Pokemon fans love a good moan. Upon its reveal, I saw so many criticisms surrounding Brilliant Diamond and Shining Pearl, with many labelling the upcoming remakes as lazy and unambitious due to their cutesy aesthetic and accurate recreation of the DS originals.

Revealed alongside Pokemon Legends: Arceus, it was clearly intended to be the smaller project of the two, acting as a catch ‘em all appetizer for fans later this year before Arceus knocks our socks off in 2022.

Despite all this, the duo of games continue to receive a lot of flak, much of which I honestly feel is unwarranted. Sure, they’re simplistic and lacking in graphical ambition, but they’re also experiences designed for players of all ages who can jump in and never worry about feeling confused or overwhelmed. You’re getting what you pay for, and that’s a remake that aims to introduce one of the finest adventures in franchise history to an entirely new audience. I never played Diamond and Pearl before, so for me, everything here is novel.

I understand the complaints hurled at Pokemon Sword and Shield, which simply wasn’t the next-gen arrival of the series many of us were expecting. It was a bold step into the world of fully realised 3D environments, but its underwhelming graphics and woefully simplified gameplay formula left many of us wanting more, and that includes myself. It’s a flagship entry from Game Freak, and deserved to be viewed and critiqued in such a way, but I don’t think Brilliant Diamond and Shining Pearl fall into the same camp.

Much like Let’s Go Pikachu and Let’s Go Eevee – it’s a side project, one that keeps the franchise ticking while bigger outings are crafted in the background. If Legends: Arceus turns out to be a colossal letdown that fails to evolve the series even with a monolithic shift in setting, by all means start a riot, but it’s important not to judge something so quickly and ignorantly without seeing the full picture. I honestly prefer that Brilliant Diamond and Shining Pearl are showing restraint, choosing to replicate their inspiration instead of changing it beyond recognition.

I’ve seen screenshot comparisons to the original games that tease an identical layout amidst cities and dungeons, with the remakes choosing to update the visuals and little else. I imagine some deeper mechanical changes are yet to be unveiled, but on the surface this is a basic revival of two classics that isn’t trying to be something more. For a property as widely beloved as Pokemon, you’d think that maintaining a classic game’s original vision would be preferred, instead of morphing it into something that couldn’t be placed alongside its progenitor and respected in the same way.

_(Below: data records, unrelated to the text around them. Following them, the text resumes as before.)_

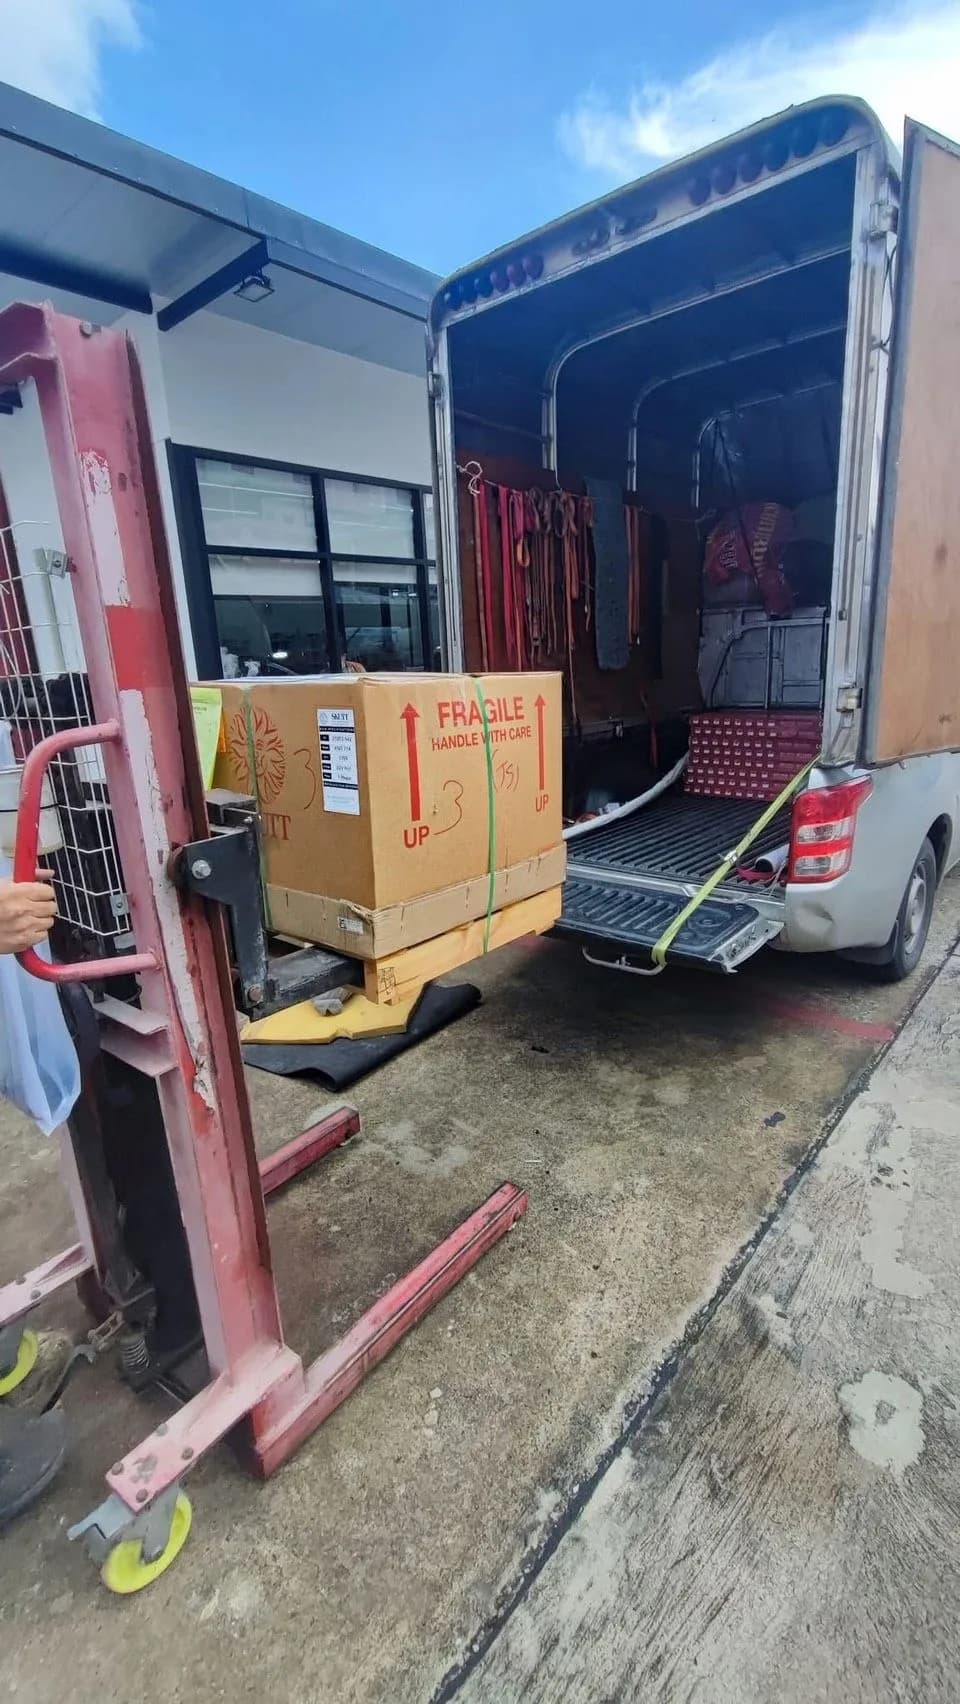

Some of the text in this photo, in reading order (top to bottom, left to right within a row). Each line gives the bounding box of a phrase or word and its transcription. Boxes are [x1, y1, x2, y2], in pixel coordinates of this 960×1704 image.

[437, 696, 525, 729] FRAGILE
[431, 732, 479, 752] HANDLE
[509, 725, 532, 740] CARE
[294, 748, 316, 809] 3
[433, 779, 464, 836] 3
[535, 794, 549, 813] UP
[404, 825, 429, 849] UP

It feels like a hollow complaint, and it’s best to reserve judgement until the game is comfortably within our own hands. I want to stress that I think it’s perfectly okay to be sceptical about Brilliant Diamond and Shining Pearl, especially in the wake of Sword and Shield and the dreadful performance in the Legends: Arceus trailer. However, it’s important not to label something as a failure months before its planned release, understanding that things can and will change in the process of development – perhaps you’ll end up surprising even yourself. Or it will suck, so more power to you if that ends up being the case.

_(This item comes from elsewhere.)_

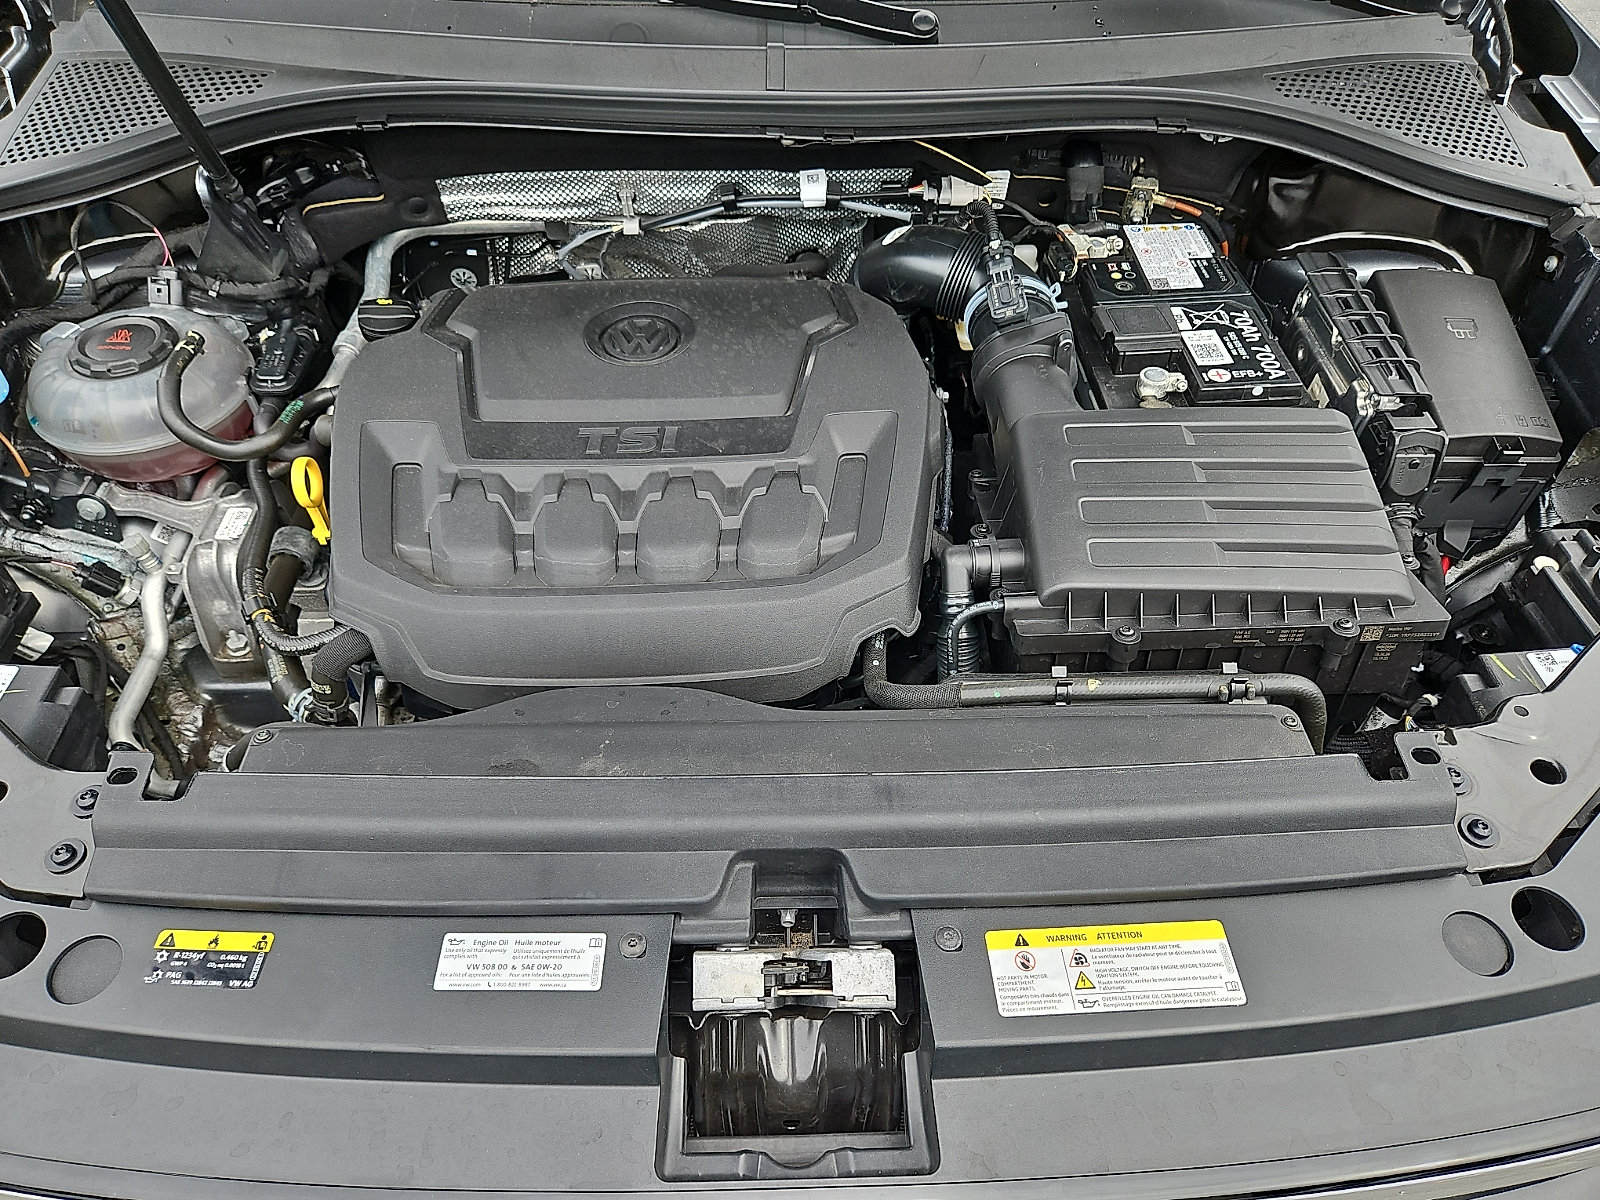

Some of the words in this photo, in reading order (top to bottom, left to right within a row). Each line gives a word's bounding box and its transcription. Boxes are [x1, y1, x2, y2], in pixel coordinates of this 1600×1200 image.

In a medium where remasters and remakes are often judged for zapping their original creations of tone and atmosphere, I think it’s worth celebrating Brilliant Diamond and Shining Pearl for going in a different direction. The DS was a graphically primitive machine in many ways, so instead of completely overhauling the aesthetic, Nintendo has kept the fundamentals and simply made it far more adorable with chibi-esque character models and environments that feel like an eloquent diorama. If it isn’t your cup of tea, just don’t buy it, and try to avoid punching down on those who find joy in games like this.